Kenapa tidak sekalian saja ia meminta sebagian makanan kucing?
Karena Moza tahu kucing ini kelaparan. Melihat anak bulu yang hanya menatapnya kosong itu saja membuat Moza ingin menangis kencang saking kasihannya.
"Aku gak tau ini boleh atau enggak. Tapi...." Moza mengeluarkan sebuah sosis daging yang ia beli di warung tadi.
Tadinya itu akan dijadikannya sebagai lauk untuk makan sore ini. Tapi melihat seekor kucing mengenaskan di depannya ini membuat rasa laparnya sirna seketika.
"Eh?
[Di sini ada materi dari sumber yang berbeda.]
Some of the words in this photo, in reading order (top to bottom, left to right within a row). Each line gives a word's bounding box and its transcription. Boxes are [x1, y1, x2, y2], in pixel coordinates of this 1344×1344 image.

Dimakan?" kaget Moza saat melihat kucing itu perlahan mulai menyantap sosis yang ia berikan.
"Maaf ya, pus... Lain kali aku kasih makanan kucing."
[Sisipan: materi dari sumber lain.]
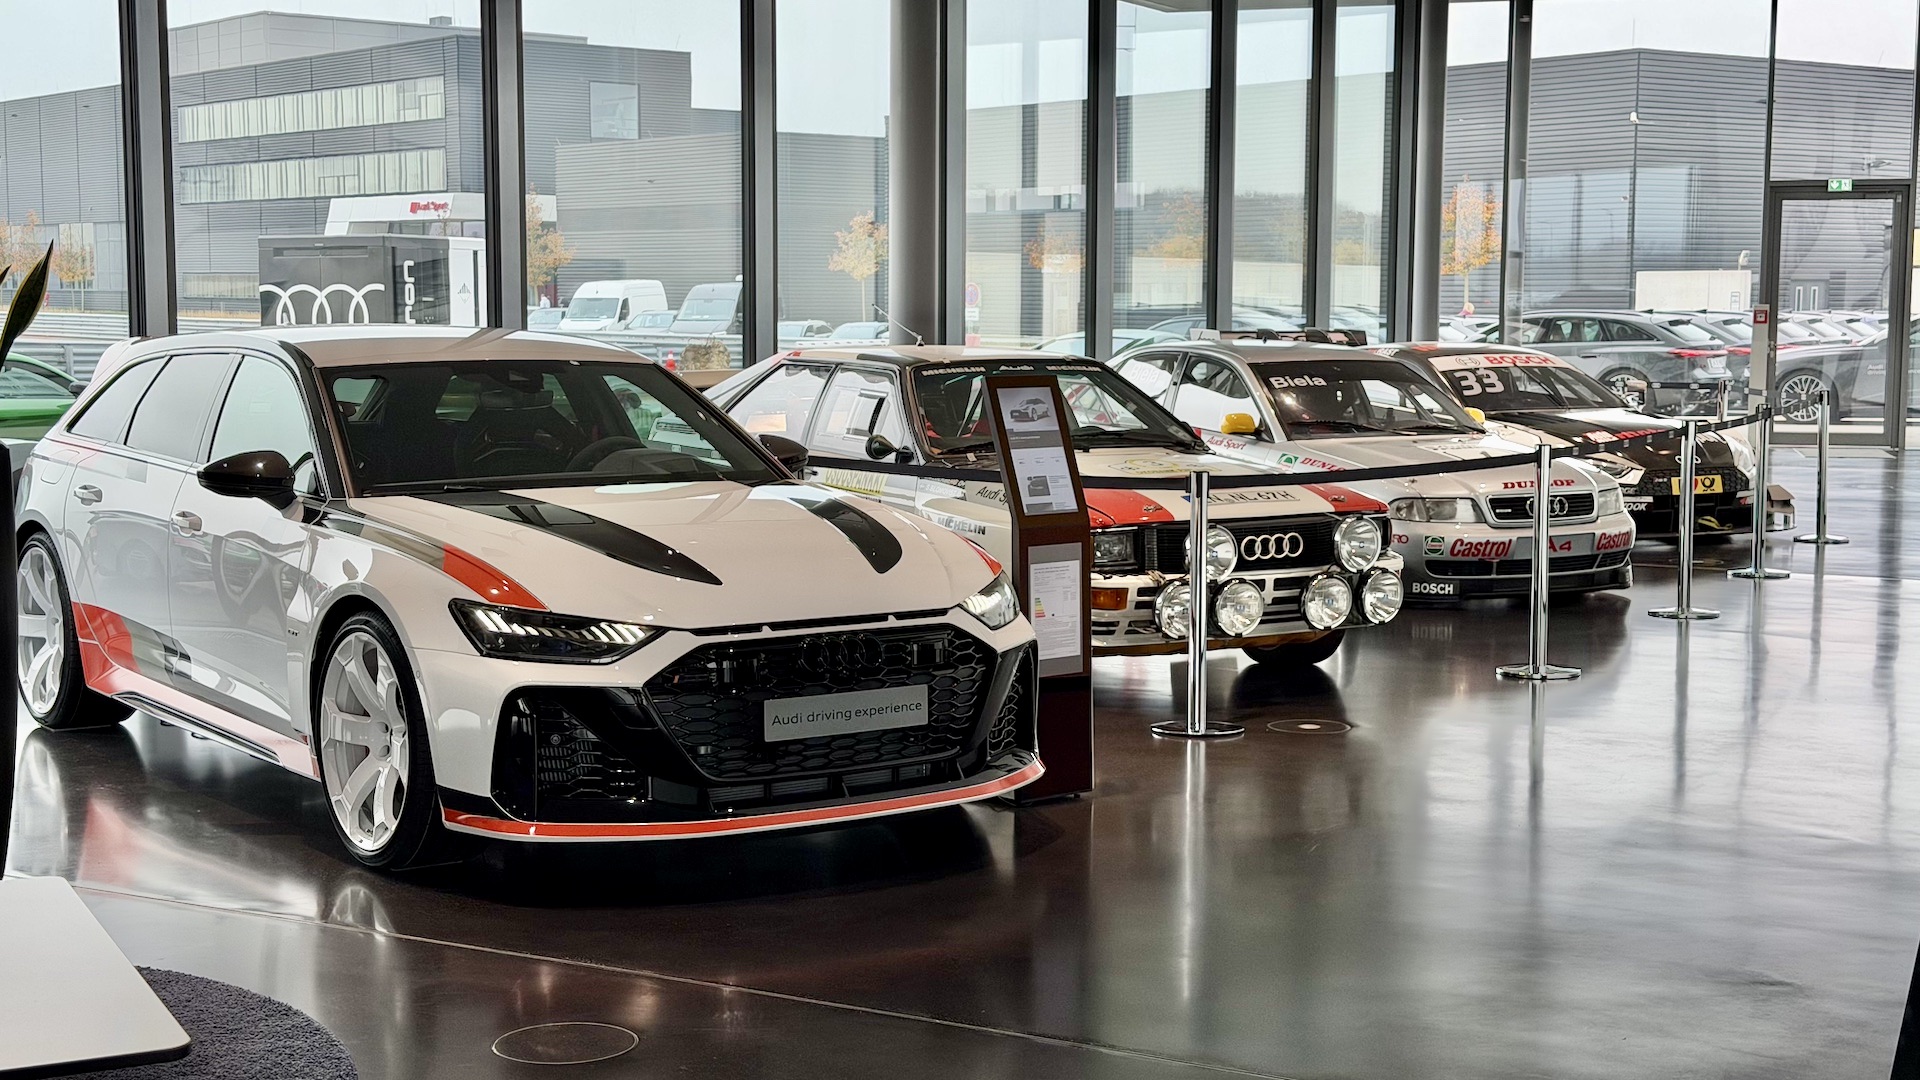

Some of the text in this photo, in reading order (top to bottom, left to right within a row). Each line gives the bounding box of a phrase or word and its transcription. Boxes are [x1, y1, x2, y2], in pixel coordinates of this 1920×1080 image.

[1484, 356, 1556, 365] BOSCH
[921, 366, 987, 377] MICHELIN
[1045, 365, 1102, 373] MICHELIN
[1268, 375, 1327, 389] Biela
[1453, 368, 1505, 396] 33
[1207, 435, 1247, 450] Audi Sport
[1300, 457, 1346, 472] DUNL
[1502, 479, 1575, 489] DUOP
[976, 486, 1001, 500] Audi
[937, 517, 986, 535] MICHELIN
[1596, 528, 1632, 550] Castrol
[1450, 538, 1512, 558] Castrol
[1412, 582, 1453, 595] BOSCH
[771, 701, 923, 727] Audi driving experience
Moza mengelus-elus kepala kucing itu sambil tersenyum. Dan setelah selesai makan, kucing itu menghampiri Moza seolah minta untuk dielus kembali.
"Eh? Kamu udah baikan?"
"Miaw!"
Moza tertawa, "Kamu jawab? Emang ngerti?"
...(ฅ^•ﻌ•^ฅ)...
Celingak-celinguk, tak ada yang bisa Hana lakukan lagi selain menatap pada kursi-kursi kosong yang berjejeran di sekelilingnya.
Sebetulnya keadaan kafe seperti ini sudah biasa baginya yang telah bertahun-tahun bekerja di sini.
Tapi ada satu hal yang tak biasa.
Yaitu absennya Moza pagi ini. Biasanya gadis itu pasti akan datang lebih dulu dibanding Hana. Bahkan tak jarang saat pagi-pagi buta, Moza sudah selesai membersihkan seisi kafe.
Namun sekarang..?
"Seharusnya gue paham kenapa dia nitip kunci kemarin," gumam Hana sembari memainkan kunci kafe yang berada di tangannya.
Ya. Kunci itu biasanya berada di tangan Moza. Karena gadis itu memang hobi datang paling awal, dan pulang paling akhir.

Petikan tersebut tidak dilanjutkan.